• _What to produce_:
Each line from the one containing "this 1920×1080 image." through the last line of the entries below is to be transcribed exactly. Nothing else belongs in the reply.

BEGIN

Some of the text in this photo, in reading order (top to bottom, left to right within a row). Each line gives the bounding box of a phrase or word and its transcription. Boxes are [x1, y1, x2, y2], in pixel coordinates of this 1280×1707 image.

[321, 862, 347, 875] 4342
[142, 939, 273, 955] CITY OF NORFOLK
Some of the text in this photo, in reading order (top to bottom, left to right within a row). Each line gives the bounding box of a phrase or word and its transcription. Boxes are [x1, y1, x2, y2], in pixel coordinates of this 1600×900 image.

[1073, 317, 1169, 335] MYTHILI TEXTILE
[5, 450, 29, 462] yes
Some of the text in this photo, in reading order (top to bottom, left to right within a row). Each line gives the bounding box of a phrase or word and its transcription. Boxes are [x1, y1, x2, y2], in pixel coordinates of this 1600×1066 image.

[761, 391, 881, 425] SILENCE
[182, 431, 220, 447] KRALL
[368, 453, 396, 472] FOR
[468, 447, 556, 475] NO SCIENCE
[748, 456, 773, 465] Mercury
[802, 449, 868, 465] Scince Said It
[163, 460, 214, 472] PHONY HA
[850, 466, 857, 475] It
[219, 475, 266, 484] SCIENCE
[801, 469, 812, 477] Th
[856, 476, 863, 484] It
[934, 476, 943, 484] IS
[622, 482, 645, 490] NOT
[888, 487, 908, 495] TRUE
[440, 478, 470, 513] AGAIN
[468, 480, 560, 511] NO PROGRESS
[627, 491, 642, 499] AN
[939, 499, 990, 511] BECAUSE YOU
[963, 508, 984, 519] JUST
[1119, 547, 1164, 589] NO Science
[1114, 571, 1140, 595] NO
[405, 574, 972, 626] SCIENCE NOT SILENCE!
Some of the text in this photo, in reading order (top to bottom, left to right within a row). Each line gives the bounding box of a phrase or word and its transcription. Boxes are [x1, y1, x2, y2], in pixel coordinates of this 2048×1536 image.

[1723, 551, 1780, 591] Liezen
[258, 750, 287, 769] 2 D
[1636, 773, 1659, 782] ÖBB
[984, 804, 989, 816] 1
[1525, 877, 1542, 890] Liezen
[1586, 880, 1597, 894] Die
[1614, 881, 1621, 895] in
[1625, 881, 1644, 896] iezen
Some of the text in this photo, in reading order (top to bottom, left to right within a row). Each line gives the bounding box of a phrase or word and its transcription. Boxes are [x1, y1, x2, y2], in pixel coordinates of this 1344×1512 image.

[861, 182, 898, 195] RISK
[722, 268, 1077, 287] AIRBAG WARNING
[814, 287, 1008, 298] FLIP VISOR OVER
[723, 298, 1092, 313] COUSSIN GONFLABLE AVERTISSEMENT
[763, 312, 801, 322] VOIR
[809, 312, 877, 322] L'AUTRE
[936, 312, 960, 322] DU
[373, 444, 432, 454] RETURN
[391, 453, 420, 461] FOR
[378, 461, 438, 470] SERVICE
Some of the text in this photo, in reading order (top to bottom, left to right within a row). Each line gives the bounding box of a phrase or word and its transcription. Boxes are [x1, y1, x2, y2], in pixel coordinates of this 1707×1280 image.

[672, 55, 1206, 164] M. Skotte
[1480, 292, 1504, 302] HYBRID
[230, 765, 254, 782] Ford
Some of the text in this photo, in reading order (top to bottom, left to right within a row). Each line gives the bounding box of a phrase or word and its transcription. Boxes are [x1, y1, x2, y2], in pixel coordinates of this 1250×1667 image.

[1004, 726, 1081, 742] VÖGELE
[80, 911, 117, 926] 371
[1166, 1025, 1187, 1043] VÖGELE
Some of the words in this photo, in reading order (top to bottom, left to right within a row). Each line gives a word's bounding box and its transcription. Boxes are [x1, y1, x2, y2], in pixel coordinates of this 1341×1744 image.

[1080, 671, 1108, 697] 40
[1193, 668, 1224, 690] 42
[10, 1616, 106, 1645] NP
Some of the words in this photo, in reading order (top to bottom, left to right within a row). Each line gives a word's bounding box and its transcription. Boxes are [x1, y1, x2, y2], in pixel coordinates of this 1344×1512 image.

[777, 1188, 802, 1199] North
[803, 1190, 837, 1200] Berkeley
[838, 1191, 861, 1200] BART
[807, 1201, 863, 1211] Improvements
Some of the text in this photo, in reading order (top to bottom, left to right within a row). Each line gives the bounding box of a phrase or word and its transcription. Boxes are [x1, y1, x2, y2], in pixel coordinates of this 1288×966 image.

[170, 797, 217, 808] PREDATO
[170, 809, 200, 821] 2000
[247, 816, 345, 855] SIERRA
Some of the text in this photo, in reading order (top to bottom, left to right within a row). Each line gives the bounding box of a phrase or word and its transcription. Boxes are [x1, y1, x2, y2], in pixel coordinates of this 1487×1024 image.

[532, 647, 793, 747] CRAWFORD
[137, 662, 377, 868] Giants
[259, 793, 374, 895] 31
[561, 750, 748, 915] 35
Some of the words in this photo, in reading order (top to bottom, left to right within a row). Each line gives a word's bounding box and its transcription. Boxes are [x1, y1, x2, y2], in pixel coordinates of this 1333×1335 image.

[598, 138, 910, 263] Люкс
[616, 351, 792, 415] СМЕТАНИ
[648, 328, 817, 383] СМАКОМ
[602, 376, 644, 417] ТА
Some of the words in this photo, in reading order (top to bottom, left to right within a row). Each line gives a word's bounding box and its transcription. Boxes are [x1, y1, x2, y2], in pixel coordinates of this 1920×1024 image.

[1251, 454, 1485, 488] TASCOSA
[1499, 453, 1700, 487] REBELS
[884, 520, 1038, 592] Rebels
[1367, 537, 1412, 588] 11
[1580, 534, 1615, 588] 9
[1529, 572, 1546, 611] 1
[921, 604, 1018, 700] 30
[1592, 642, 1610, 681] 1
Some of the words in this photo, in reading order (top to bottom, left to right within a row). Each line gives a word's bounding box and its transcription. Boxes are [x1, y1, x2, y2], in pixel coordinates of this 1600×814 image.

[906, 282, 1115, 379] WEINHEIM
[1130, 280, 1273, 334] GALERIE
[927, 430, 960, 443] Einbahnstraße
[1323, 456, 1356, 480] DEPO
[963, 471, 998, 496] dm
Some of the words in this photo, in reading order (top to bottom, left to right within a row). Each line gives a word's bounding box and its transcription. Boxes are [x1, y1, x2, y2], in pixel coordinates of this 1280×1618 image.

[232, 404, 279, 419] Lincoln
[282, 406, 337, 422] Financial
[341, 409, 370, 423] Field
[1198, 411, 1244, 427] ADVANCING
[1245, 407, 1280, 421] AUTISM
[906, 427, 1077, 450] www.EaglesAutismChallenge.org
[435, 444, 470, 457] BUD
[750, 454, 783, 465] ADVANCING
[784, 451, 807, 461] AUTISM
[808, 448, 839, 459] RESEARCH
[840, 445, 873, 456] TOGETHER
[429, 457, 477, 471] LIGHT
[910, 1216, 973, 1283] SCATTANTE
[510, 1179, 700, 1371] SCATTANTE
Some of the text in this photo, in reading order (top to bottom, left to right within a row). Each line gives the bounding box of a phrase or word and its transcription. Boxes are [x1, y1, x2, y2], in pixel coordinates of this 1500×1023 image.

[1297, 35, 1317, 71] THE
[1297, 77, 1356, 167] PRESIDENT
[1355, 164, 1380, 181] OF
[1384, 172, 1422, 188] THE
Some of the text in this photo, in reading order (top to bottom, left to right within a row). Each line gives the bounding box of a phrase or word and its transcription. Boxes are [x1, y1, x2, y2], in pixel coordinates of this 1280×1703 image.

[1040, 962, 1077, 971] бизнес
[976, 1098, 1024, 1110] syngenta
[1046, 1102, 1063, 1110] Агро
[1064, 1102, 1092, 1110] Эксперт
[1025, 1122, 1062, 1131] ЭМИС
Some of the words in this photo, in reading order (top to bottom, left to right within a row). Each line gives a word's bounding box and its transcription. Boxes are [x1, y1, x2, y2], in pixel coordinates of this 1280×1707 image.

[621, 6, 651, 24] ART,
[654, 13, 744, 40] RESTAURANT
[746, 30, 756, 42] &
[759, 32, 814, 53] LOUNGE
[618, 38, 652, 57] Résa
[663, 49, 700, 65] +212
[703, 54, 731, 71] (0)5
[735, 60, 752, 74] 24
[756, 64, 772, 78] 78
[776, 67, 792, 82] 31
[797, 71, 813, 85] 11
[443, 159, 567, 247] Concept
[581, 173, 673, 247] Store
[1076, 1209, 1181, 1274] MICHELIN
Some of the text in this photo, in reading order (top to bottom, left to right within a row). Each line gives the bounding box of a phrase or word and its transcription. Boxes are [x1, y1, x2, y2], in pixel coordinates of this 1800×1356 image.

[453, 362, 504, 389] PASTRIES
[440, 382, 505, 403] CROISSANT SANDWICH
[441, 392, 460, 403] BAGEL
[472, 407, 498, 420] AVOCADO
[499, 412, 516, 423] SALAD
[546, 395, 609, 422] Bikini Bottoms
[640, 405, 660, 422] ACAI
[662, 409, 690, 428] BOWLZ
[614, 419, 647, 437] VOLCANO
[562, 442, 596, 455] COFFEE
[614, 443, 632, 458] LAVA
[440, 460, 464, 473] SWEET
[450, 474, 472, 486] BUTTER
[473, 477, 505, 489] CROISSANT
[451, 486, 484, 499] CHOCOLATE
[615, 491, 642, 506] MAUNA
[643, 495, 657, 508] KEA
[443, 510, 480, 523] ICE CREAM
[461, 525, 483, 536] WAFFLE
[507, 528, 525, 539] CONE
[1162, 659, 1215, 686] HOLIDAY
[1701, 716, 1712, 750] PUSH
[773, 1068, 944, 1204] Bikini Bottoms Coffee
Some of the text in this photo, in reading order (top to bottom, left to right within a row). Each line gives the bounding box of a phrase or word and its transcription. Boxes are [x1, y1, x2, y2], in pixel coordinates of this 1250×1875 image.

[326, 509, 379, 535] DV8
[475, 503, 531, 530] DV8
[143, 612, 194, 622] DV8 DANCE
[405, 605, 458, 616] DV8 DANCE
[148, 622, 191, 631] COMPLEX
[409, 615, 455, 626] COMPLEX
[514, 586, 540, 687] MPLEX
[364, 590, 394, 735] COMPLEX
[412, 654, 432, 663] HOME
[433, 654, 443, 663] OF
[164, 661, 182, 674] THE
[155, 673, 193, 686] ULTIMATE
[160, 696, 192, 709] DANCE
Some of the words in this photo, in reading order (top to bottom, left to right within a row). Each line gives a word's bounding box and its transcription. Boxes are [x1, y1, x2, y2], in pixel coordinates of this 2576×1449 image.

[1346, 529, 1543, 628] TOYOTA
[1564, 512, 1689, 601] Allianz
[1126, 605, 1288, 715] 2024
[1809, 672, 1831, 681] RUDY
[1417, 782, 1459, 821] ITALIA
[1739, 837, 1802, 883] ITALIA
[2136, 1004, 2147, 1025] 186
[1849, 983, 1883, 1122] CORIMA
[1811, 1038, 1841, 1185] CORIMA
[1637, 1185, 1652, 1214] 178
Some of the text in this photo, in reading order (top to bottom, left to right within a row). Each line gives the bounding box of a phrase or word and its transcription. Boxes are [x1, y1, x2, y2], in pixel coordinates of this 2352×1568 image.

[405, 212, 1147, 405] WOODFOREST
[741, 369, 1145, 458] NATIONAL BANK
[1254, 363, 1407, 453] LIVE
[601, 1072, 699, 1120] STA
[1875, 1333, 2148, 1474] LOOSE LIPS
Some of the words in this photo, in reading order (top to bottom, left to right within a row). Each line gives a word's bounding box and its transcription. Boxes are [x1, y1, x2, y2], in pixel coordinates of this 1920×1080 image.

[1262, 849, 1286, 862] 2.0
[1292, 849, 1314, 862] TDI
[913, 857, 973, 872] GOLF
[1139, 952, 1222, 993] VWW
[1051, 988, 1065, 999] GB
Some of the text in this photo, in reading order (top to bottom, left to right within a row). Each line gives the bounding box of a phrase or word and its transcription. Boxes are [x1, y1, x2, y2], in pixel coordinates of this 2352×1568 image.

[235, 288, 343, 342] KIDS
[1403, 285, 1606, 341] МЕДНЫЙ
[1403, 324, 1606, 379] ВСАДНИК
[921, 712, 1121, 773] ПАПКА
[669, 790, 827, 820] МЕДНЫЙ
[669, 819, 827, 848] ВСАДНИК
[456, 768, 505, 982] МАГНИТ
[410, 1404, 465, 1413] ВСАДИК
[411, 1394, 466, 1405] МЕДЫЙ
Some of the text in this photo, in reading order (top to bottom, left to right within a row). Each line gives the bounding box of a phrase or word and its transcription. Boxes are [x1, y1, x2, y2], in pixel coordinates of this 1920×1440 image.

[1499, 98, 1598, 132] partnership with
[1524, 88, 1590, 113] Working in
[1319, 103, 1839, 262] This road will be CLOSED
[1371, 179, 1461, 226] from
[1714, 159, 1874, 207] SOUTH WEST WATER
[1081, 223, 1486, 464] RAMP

END

• _Solution below_:
Some of the words in this photo, in reading order (top to bottom, left to right within a row). Each line gives a word's bounding box and its transcription. Boxes are [x1, y1, x2, y2], in pixel coordinates of this 1920×1080 image.

[1262, 849, 1286, 862] 2.0
[1292, 849, 1314, 862] TDI
[913, 857, 973, 872] GOLF
[1139, 952, 1222, 993] VWW
[1051, 988, 1065, 999] GB
Some of the text in this photo, in reading order (top to bottom, left to right within a row). Each line gives the bounding box of a phrase or word and its transcription. Boxes are [x1, y1, x2, y2], in pixel coordinates of this 2352×1568 image.

[235, 288, 343, 342] KIDS
[1403, 285, 1606, 341] МЕДНЫЙ
[1403, 324, 1606, 379] ВСАДНИК
[921, 712, 1121, 773] ПАПКА
[669, 790, 827, 820] МЕДНЫЙ
[669, 819, 827, 848] ВСАДНИК
[456, 768, 505, 982] МАГНИТ
[410, 1404, 465, 1413] ВСАДИК
[411, 1394, 466, 1405] МЕДЫЙ
Some of the text in this photo, in reading order (top to bottom, left to right within a row). Each line gives the bounding box of a phrase or word and its transcription. Boxes are [x1, y1, x2, y2], in pixel coordinates of this 1920×1440 image.

[1499, 98, 1598, 132] partnership with
[1524, 88, 1590, 113] Working in
[1319, 103, 1839, 262] This road will be CLOSED
[1371, 179, 1461, 226] from
[1714, 159, 1874, 207] SOUTH WEST WATER
[1081, 223, 1486, 464] RAMP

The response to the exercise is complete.